Jakarta, innews.co.id – Pemberantasan mafia dan koruptor harus masif dilakukan karena tindakan mereka telah menciderai nilai-nilai kemanusiaan, merusak sendi-sendi kebangsaan, dan perekonomian.
“Saat ini banyak oknum-oknum lantang bersuara soal supremasi sipil. Namun, seringkali itu jadi kedok untuk memperkuat posisinya yang seringkali justru digunakan untuk hal yang negatif, seperti korupsi,” kata Dr. Rudyono Darsono Ketua Dewan Pembina Yayasan Universitas 17 Agustus 1945 (UTA) Jakarta, dalam sebuah podcast-nya yang tersebar di media sosial, beberapa waktu lalu.
Rudyono melihat selama ini kasus korupsi yang terungkap banyak dilakukan oleh sipil. “Pancasila yang nilai-nilainya begitu luhur sepertinya hanya jadi pajangan di dalam ruangan saja. Tidak lagi dimaknai secara benar, apalagi diimplementasikan dalam kehidupan nyata,” ujarnya.

Dirinya menduga suara-suara yang begitu lantang menentang revisi UU TNI, justru berasal dari oknum-oknum sipil yang pengecut dan memakai pihak lain untuk menyakiti orang lain.

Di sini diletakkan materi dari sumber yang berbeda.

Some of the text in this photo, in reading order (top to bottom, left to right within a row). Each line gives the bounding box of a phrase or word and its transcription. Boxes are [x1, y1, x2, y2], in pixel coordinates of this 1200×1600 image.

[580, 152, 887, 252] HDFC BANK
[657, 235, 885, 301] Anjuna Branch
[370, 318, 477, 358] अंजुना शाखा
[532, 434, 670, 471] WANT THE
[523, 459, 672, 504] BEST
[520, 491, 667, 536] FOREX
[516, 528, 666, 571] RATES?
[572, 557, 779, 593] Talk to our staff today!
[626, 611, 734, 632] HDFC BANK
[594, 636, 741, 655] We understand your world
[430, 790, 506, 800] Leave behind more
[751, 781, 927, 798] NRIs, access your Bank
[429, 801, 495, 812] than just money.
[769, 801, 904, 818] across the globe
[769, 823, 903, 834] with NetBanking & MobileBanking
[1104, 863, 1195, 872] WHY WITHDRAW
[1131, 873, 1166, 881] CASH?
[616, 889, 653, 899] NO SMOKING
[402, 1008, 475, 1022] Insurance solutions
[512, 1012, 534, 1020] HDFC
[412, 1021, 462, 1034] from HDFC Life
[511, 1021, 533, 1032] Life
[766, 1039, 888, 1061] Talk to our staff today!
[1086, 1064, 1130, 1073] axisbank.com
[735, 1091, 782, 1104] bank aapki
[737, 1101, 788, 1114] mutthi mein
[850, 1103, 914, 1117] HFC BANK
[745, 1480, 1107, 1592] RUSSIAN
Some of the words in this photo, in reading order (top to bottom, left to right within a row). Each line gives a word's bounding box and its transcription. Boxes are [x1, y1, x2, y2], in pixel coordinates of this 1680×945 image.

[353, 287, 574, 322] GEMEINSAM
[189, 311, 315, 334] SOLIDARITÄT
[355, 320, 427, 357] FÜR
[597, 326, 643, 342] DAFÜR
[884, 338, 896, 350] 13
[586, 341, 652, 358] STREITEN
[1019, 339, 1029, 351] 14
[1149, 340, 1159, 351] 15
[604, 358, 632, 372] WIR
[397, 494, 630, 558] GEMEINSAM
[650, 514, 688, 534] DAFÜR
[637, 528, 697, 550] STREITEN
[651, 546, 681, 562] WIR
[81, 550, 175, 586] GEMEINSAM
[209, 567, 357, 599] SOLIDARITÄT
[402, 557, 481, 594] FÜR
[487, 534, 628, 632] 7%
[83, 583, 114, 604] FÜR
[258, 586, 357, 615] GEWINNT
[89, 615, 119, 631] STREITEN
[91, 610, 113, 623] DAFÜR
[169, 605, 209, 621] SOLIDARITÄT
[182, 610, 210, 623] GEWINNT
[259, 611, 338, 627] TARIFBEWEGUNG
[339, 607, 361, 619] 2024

“Praktik-praktik koruptor, juga mafia mayoritas dilakukan sipil. TNI itu terikat dengan Sapta Marga dan Sumpah Prajurit. Hal tersebut sudah sangat mendarahdaging,” serunya.
Karenanya, ketika ada upaya memperkuat peran TNI, termasuk untuk mengejar para koruptor sepertinya ada yang kebakaran jenggot.

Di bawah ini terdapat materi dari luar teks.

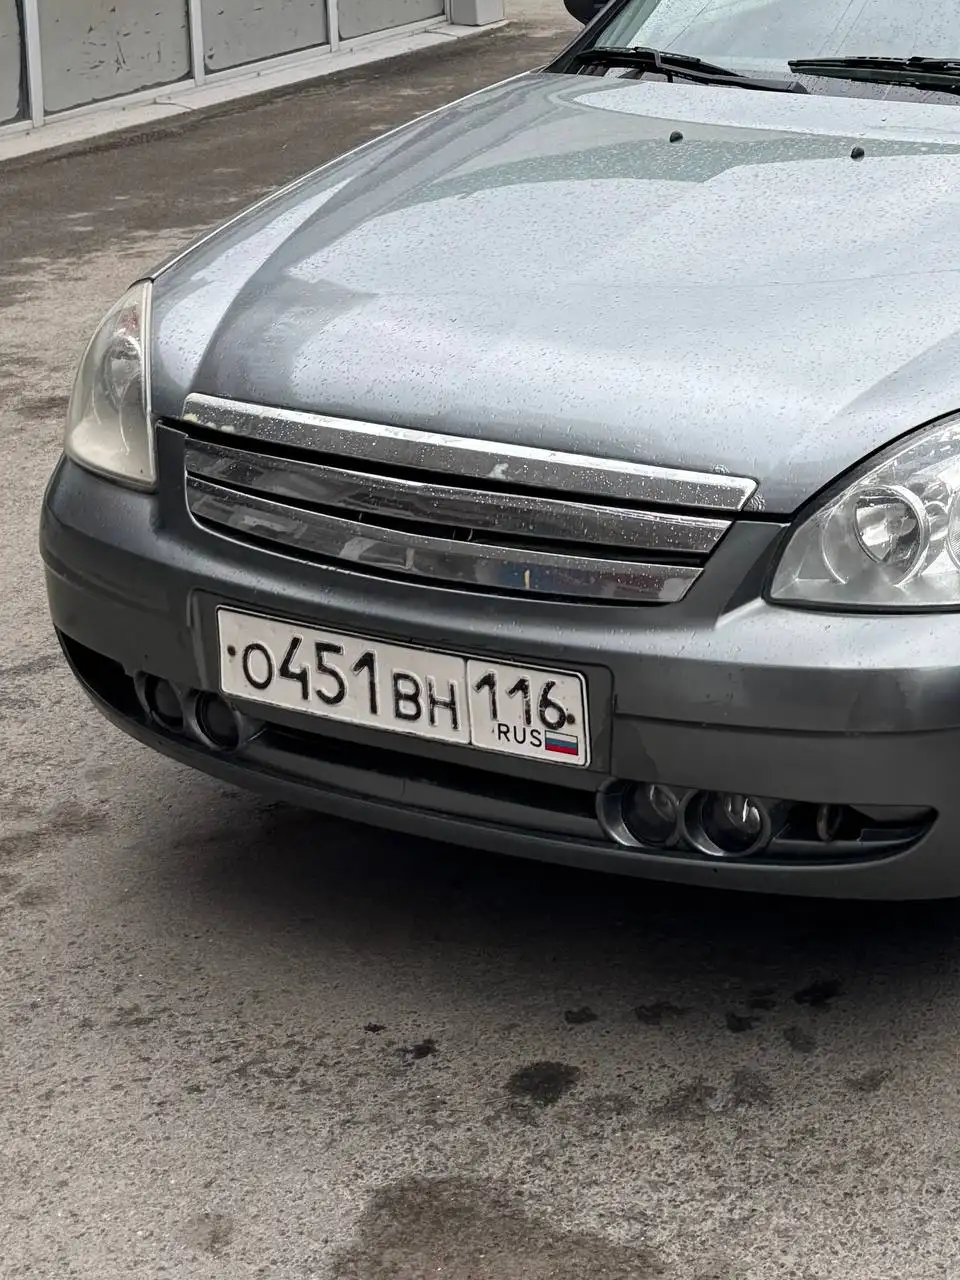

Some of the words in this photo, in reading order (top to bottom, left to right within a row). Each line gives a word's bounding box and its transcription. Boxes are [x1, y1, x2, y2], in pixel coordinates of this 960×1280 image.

[242, 636, 460, 730] О451ВН
[475, 672, 566, 730] 116
[497, 722, 542, 748] RUS
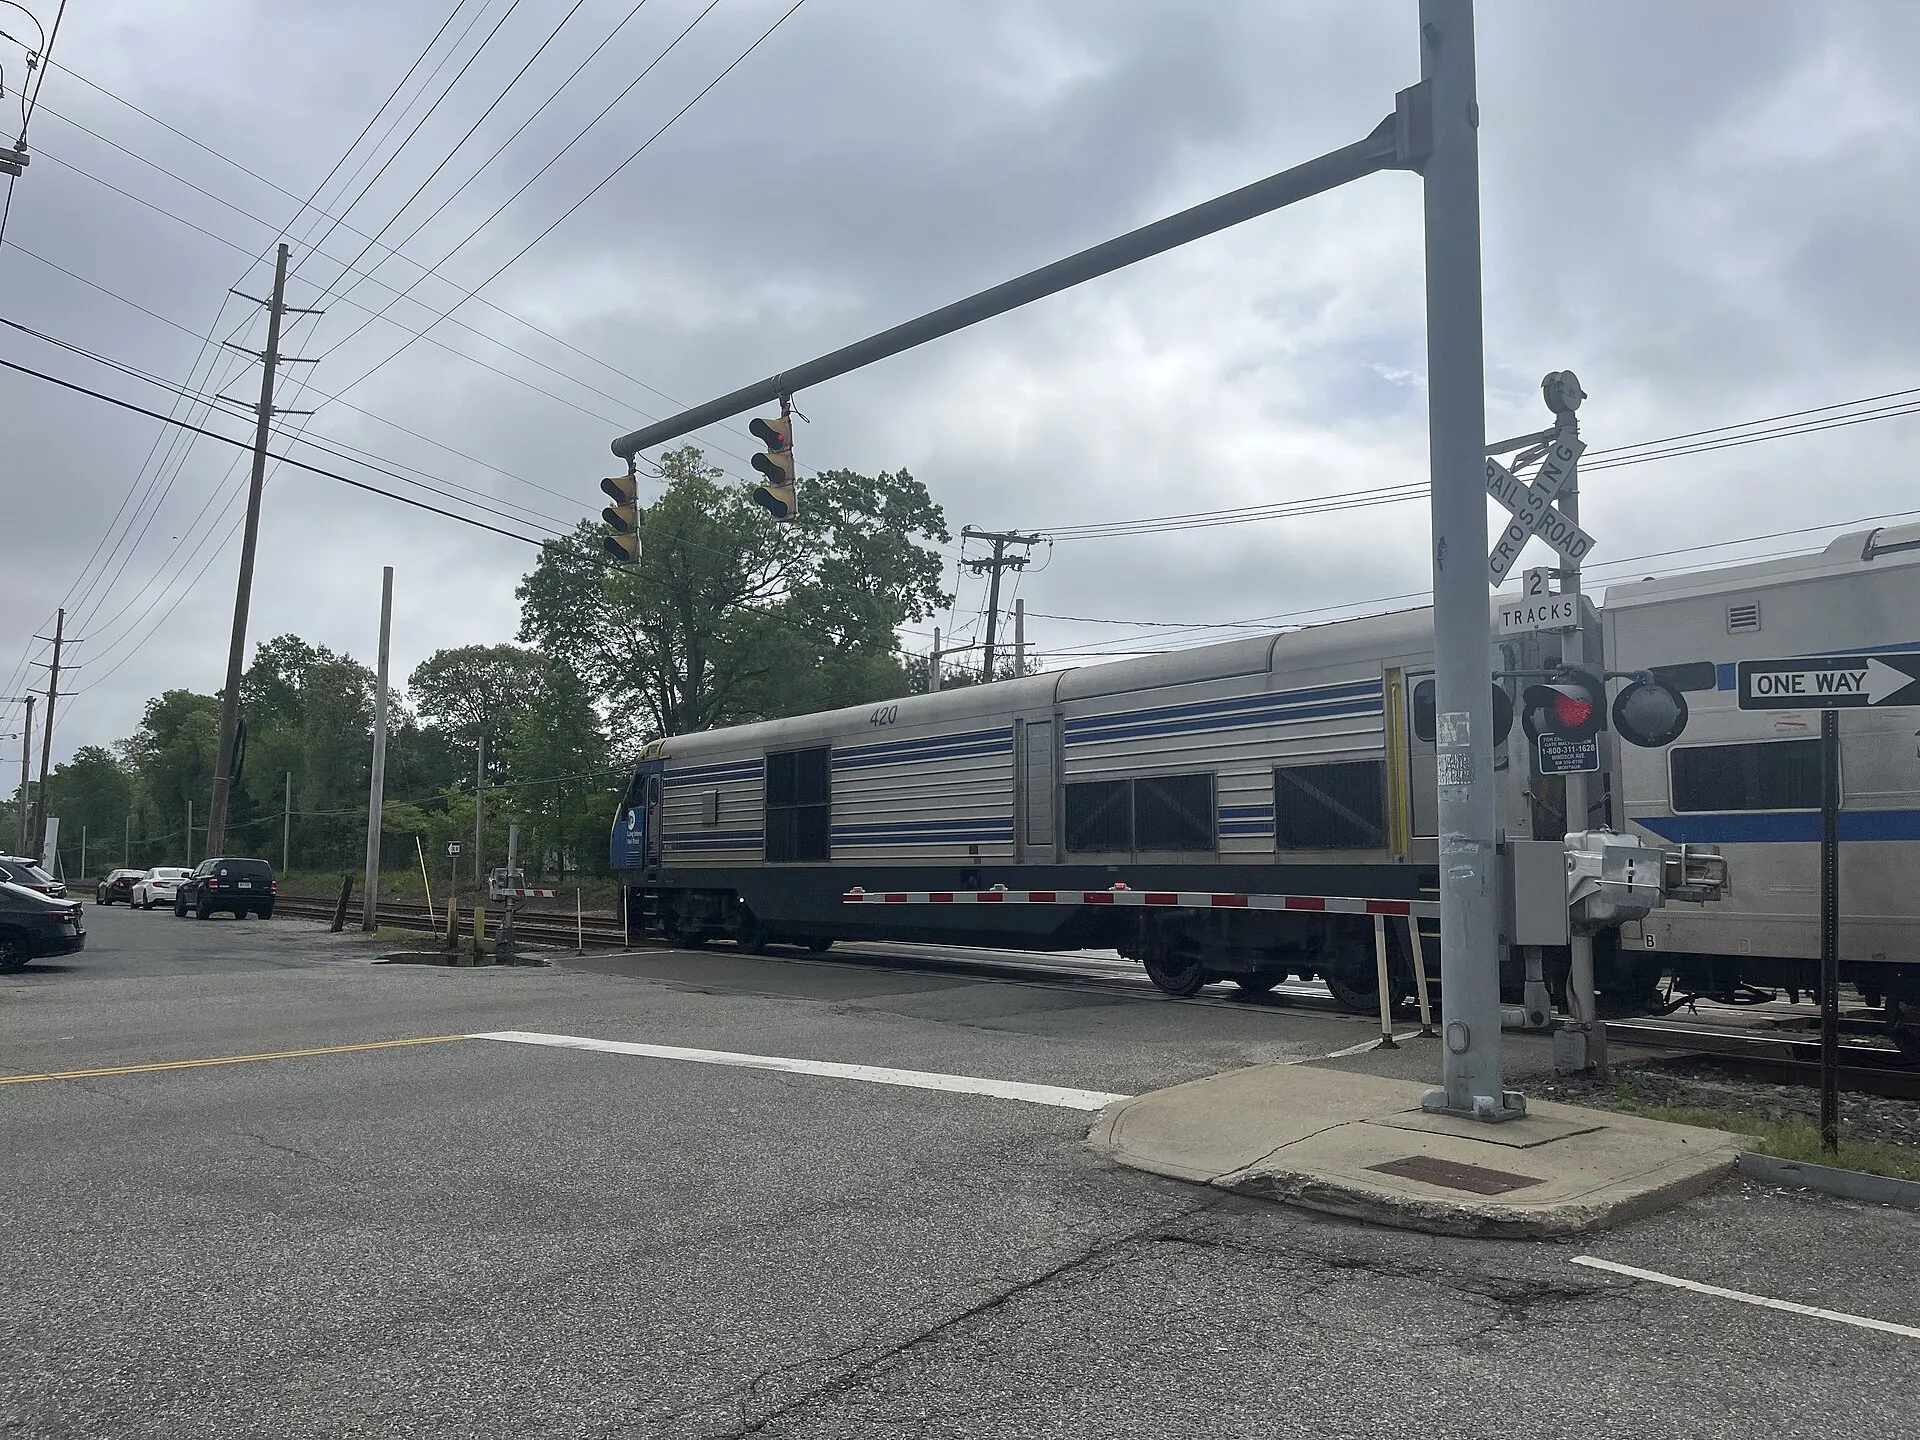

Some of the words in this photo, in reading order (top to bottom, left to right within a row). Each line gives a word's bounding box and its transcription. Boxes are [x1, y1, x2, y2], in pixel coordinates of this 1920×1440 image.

[1485, 464, 1518, 508] RAIL
[1540, 512, 1587, 558] ROAD
[1490, 444, 1573, 574] CROSSING
[1529, 572, 1542, 595] 2
[1503, 602, 1572, 627] TRACKS
[1757, 674, 1806, 695] ONE
[1815, 671, 1867, 693] WAY
[870, 705, 898, 727] 420
[1542, 744, 1595, 754] 1-800-311-1628
[1646, 935, 1654, 947] B

Termasuk teror kepala babi yang dialami oleh jurnalis Tempo. Banyak pihak mengkaitkan dengan revisi UU TNI. “Kalau saya melihat itu dilakukan oleh oknum-oknum yang merasa terganggu karena mungkin terbongkar korupsinya,” imbuhnya.
Karenanya, aparat harus benar-benar mengungkapkan dan mengusut kasus teror tersebut. Kalau dibiarkan pembungkaman terhadap pers bisa meluas.
Berantas korupsi
Sementara itu, Ketua Dewan Pembina Universitas Krisnadwipayana (Unkris) Jakarta, Prof Gayus Lumbuun sependapat dengan Rudyono bahwa sipil yang paling banyak jadi koruptor, bahkan menyalahgunakan kewenangannya. Baginya, revisi UU TNI tidak perlu dikhawatirkan.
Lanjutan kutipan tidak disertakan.